Return the records as they stand. No picture is to be included.
+++ Entries supplied
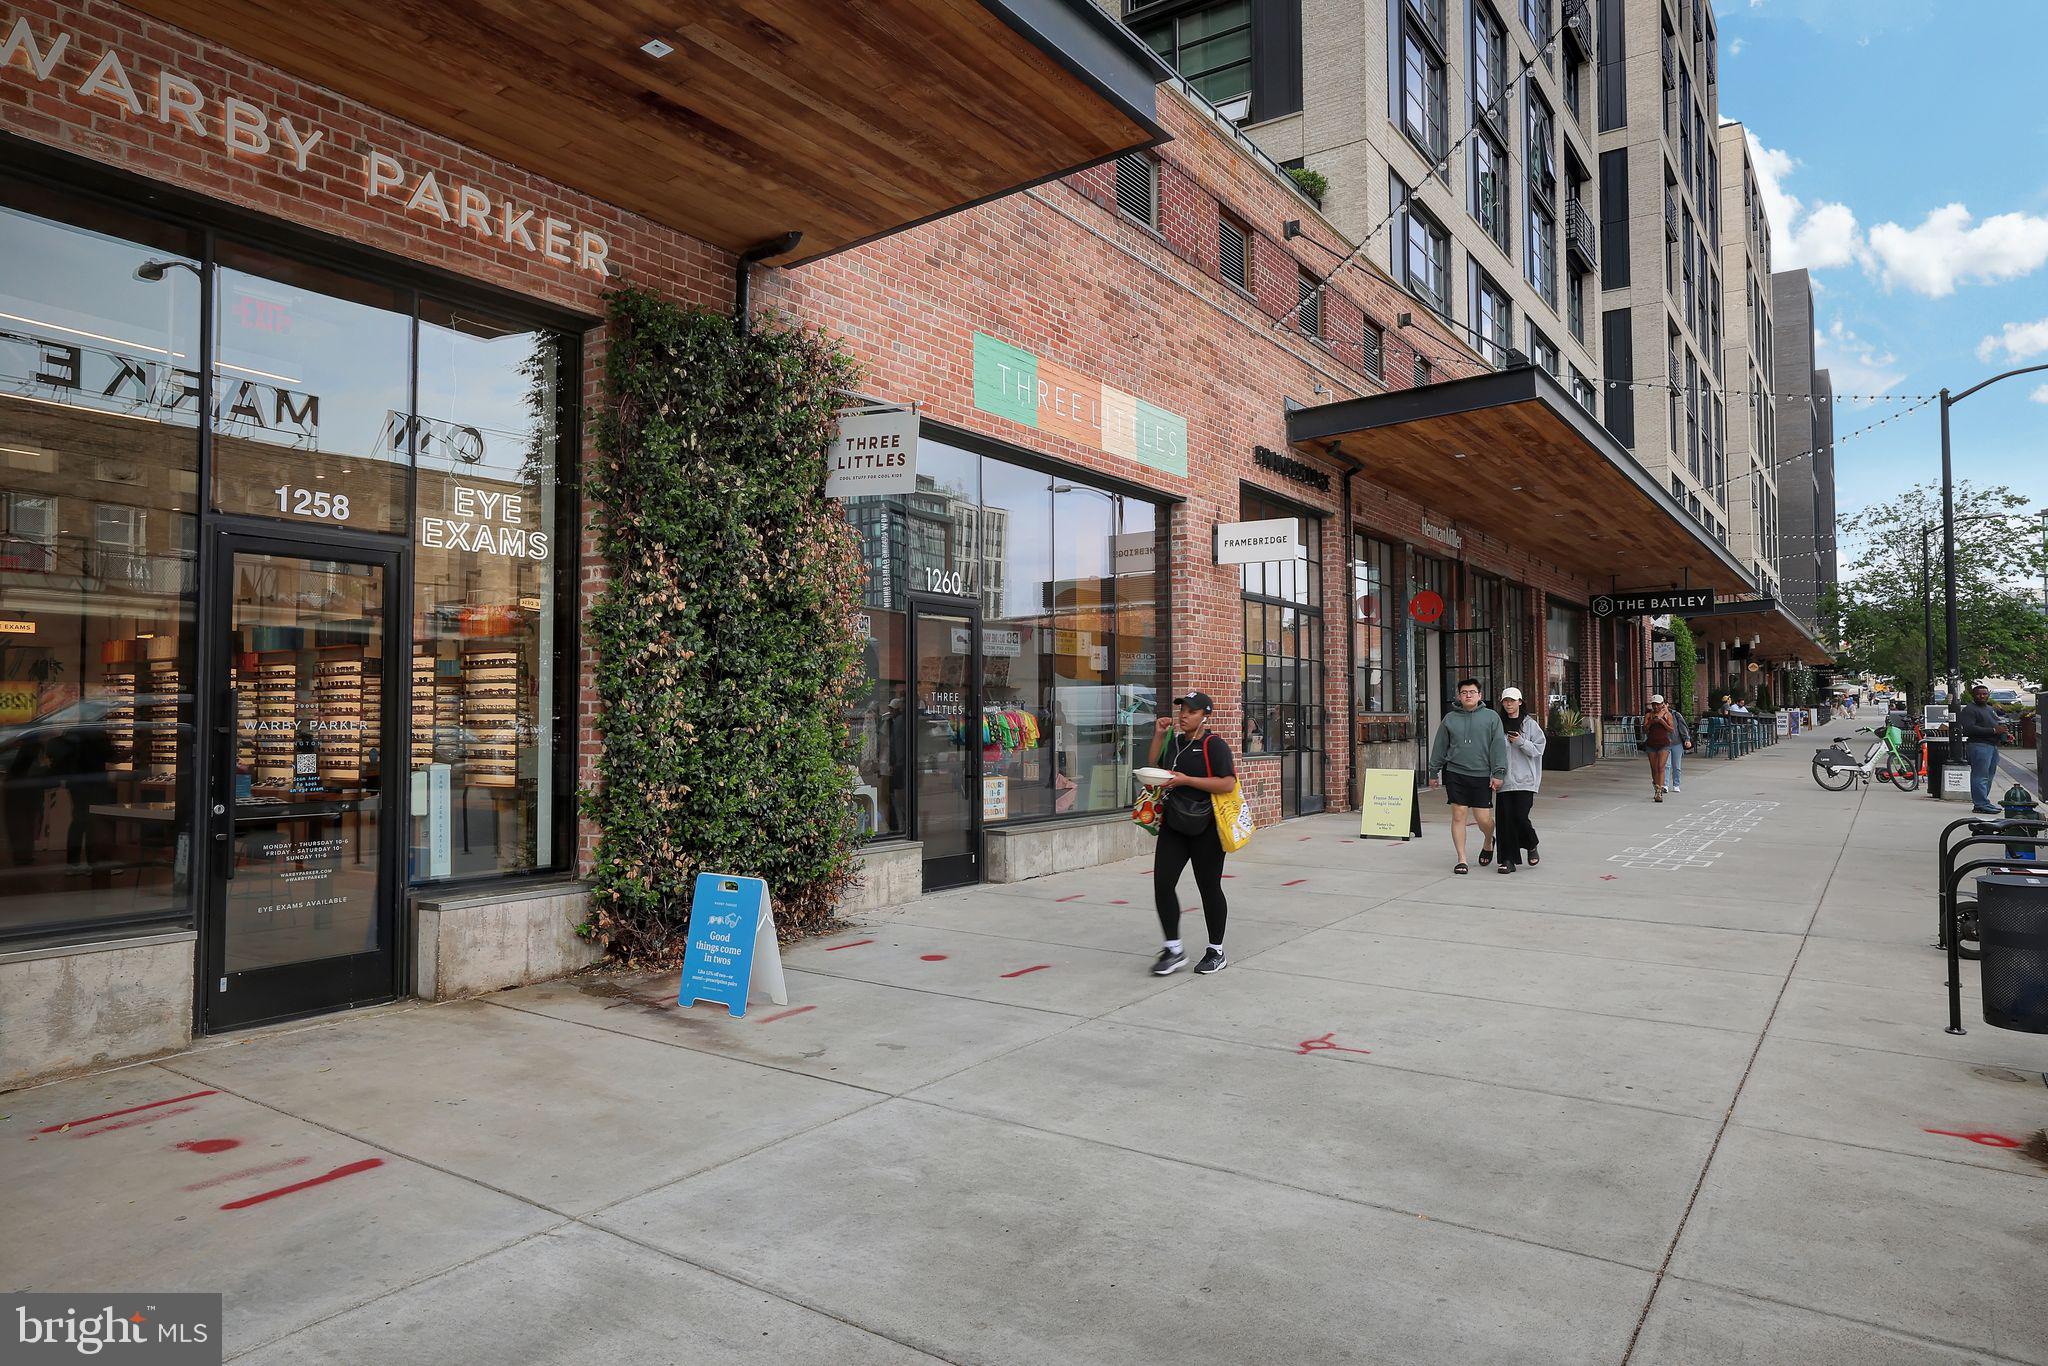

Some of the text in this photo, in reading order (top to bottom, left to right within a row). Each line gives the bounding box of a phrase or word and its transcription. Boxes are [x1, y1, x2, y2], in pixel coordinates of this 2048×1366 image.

[0, 16, 610, 277] WARBY PARKER
[997, 363, 1178, 457] THREE LITTLES
[846, 434, 900, 451] THREE
[837, 452, 906, 470] LITTLES
[275, 485, 351, 521] 1258
[454, 486, 522, 524] EYE
[422, 517, 549, 560] EXAMS
[1224, 535, 1288, 548] FRAMEBRIDGE
[925, 566, 961, 595] 1260
[1617, 599, 1645, 610] THE
[1651, 595, 1707, 609] BATLEY
[931, 691, 960, 702] THREE
[927, 705, 963, 715] LITTLES
[244, 720, 368, 731] WARBY PARKER
[263, 842, 292, 850] MONDAY
[299, 839, 334, 847] THURSDAY
[265, 849, 290, 857] FRIDAY
[297, 846, 331, 854] SATURDAY
[286, 854, 313, 862] SUNDAY
[280, 868, 333, 878] WARBYPARKER.COM
[257, 896, 348, 914] EYE EXAMS AVAILABLE
[709, 930, 731, 943] Good
[695, 940, 742, 956] things come
[703, 952, 731, 966] in twos
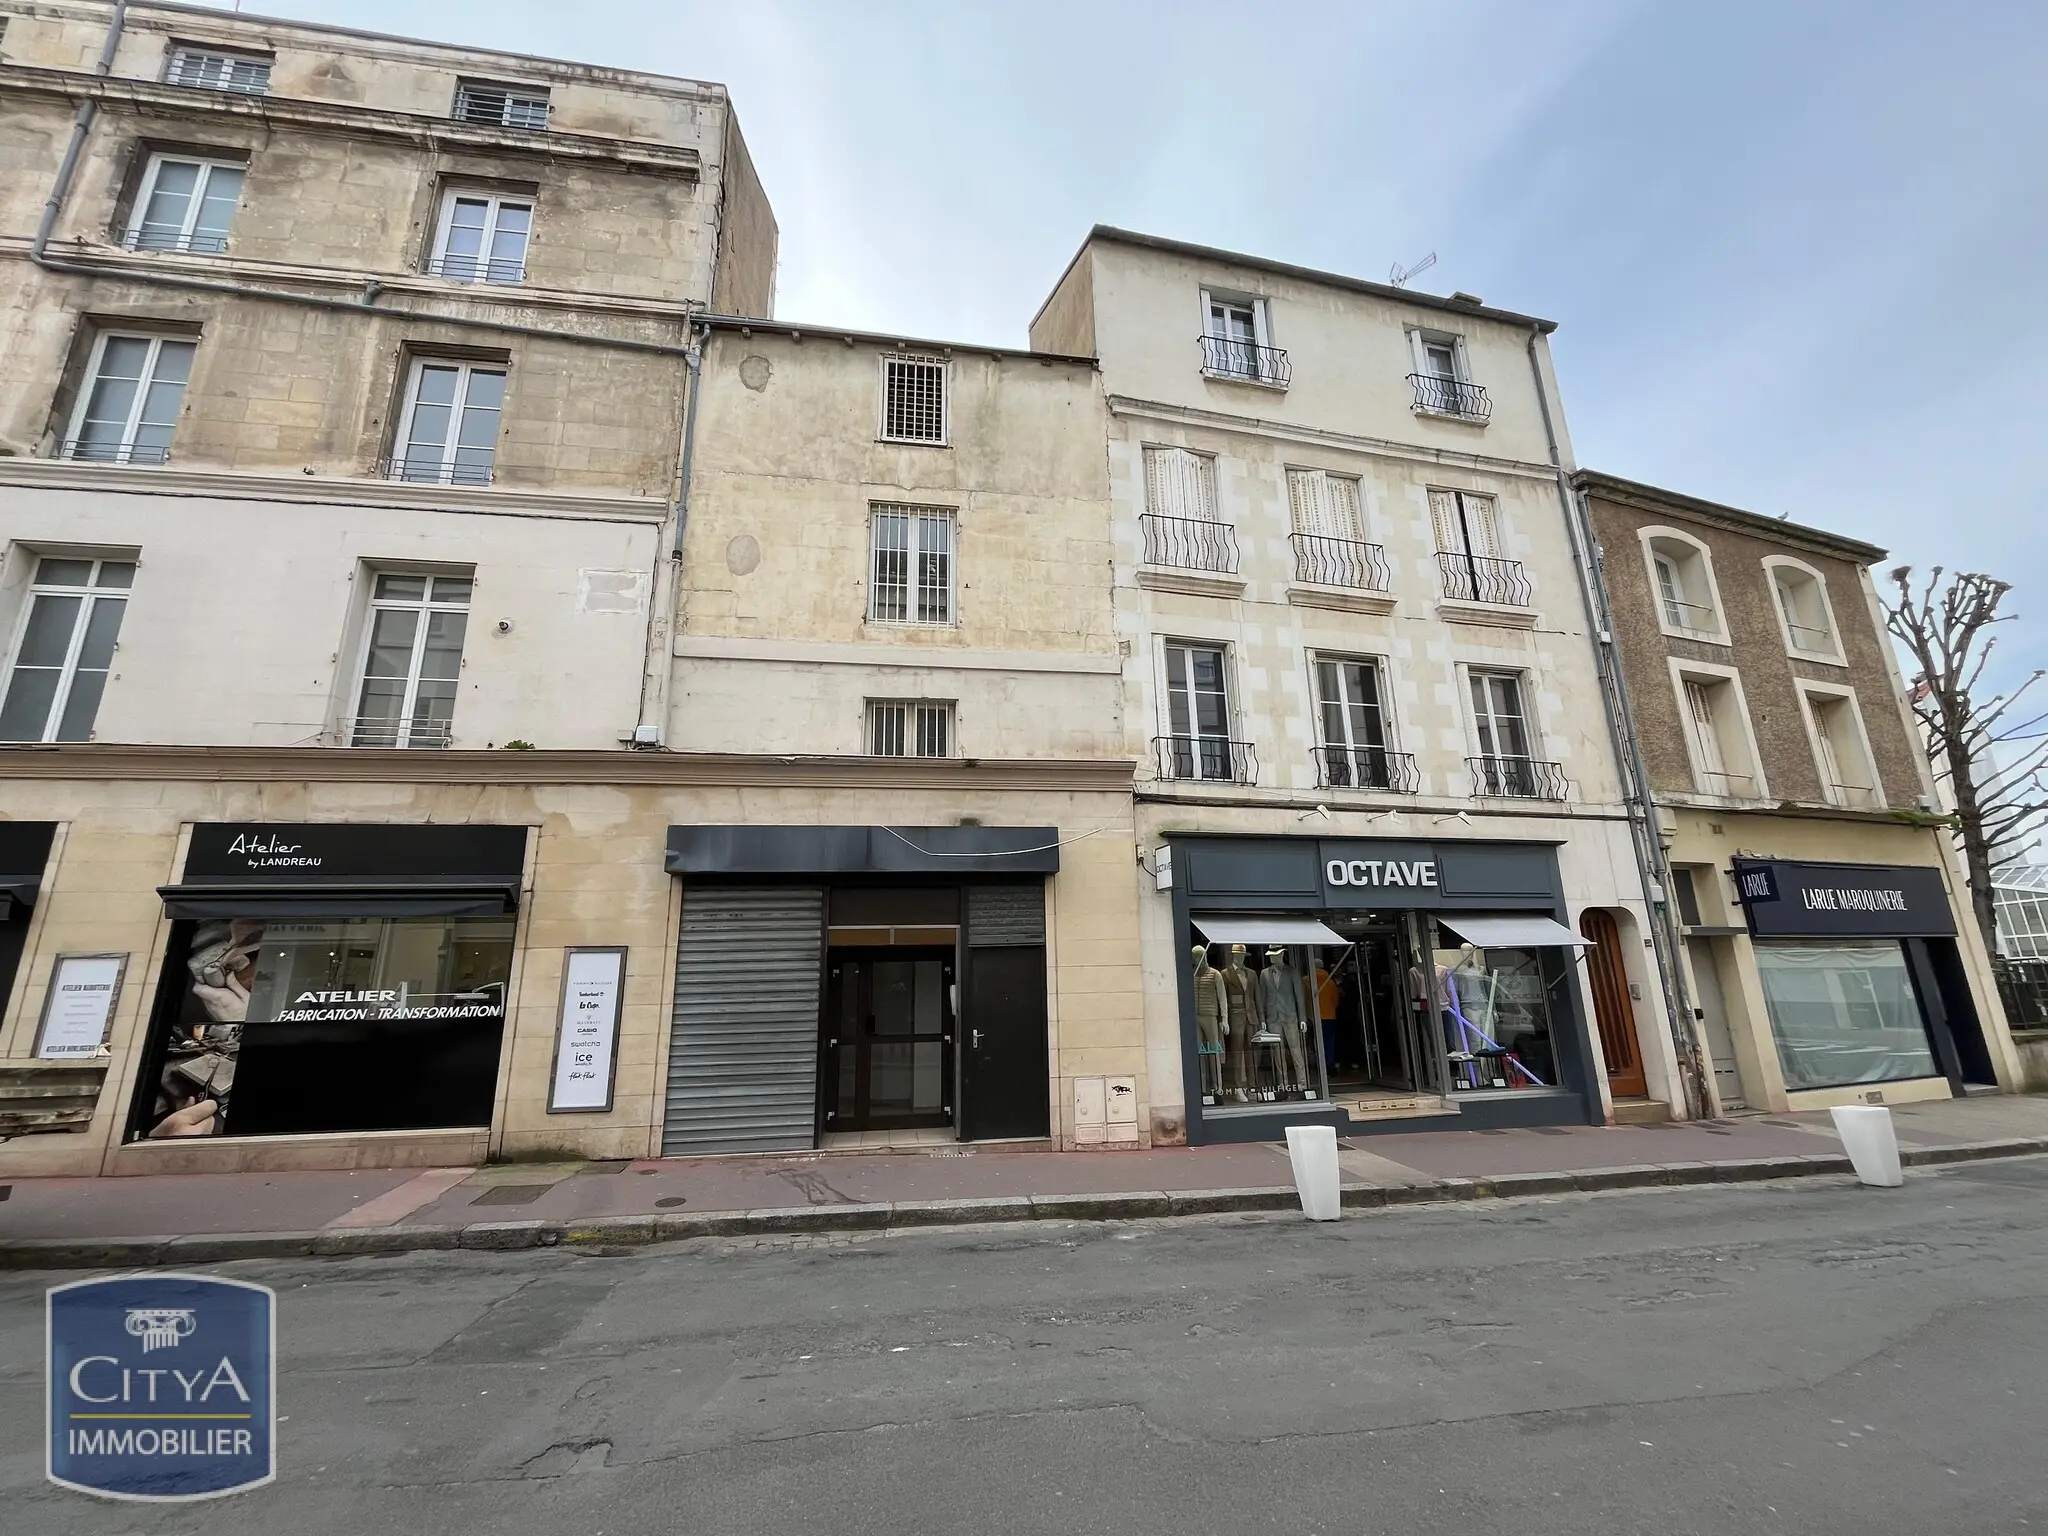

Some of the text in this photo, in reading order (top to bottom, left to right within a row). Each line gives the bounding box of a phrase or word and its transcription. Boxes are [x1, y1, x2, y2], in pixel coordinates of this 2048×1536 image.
++++++
◆ Solved exercise:
Some of the text in this photo, in reading order (top to bottom, left to right within a row). Each line gives the bounding box of a phrase or word and its transcription. Boxes are [x1, y1, x2, y2], in pixel coordinates of this 2048×1366 image.

[0, 16, 610, 277] WARBY PARKER
[997, 363, 1178, 457] THREE LITTLES
[846, 434, 900, 451] THREE
[837, 452, 906, 470] LITTLES
[275, 485, 351, 521] 1258
[454, 486, 522, 524] EYE
[422, 517, 549, 560] EXAMS
[1224, 535, 1288, 548] FRAMEBRIDGE
[925, 566, 961, 595] 1260
[1617, 599, 1645, 610] THE
[1651, 595, 1707, 609] BATLEY
[931, 691, 960, 702] THREE
[927, 705, 963, 715] LITTLES
[244, 720, 368, 731] WARBY PARKER
[263, 842, 292, 850] MONDAY
[299, 839, 334, 847] THURSDAY
[265, 849, 290, 857] FRIDAY
[297, 846, 331, 854] SATURDAY
[286, 854, 313, 862] SUNDAY
[280, 868, 333, 878] WARBYPARKER.COM
[257, 896, 348, 914] EYE EXAMS AVAILABLE
[709, 930, 731, 943] Good
[695, 940, 742, 956] things come
[703, 952, 731, 966] in twos

Some of the text in this photo, in reading order (top to bottom, left to right within a row). Each line gives the bounding box of a phrase or word and its transcription. Boxes are [x1, y1, x2, y2], in pixel coordinates of this 2048×1536 image.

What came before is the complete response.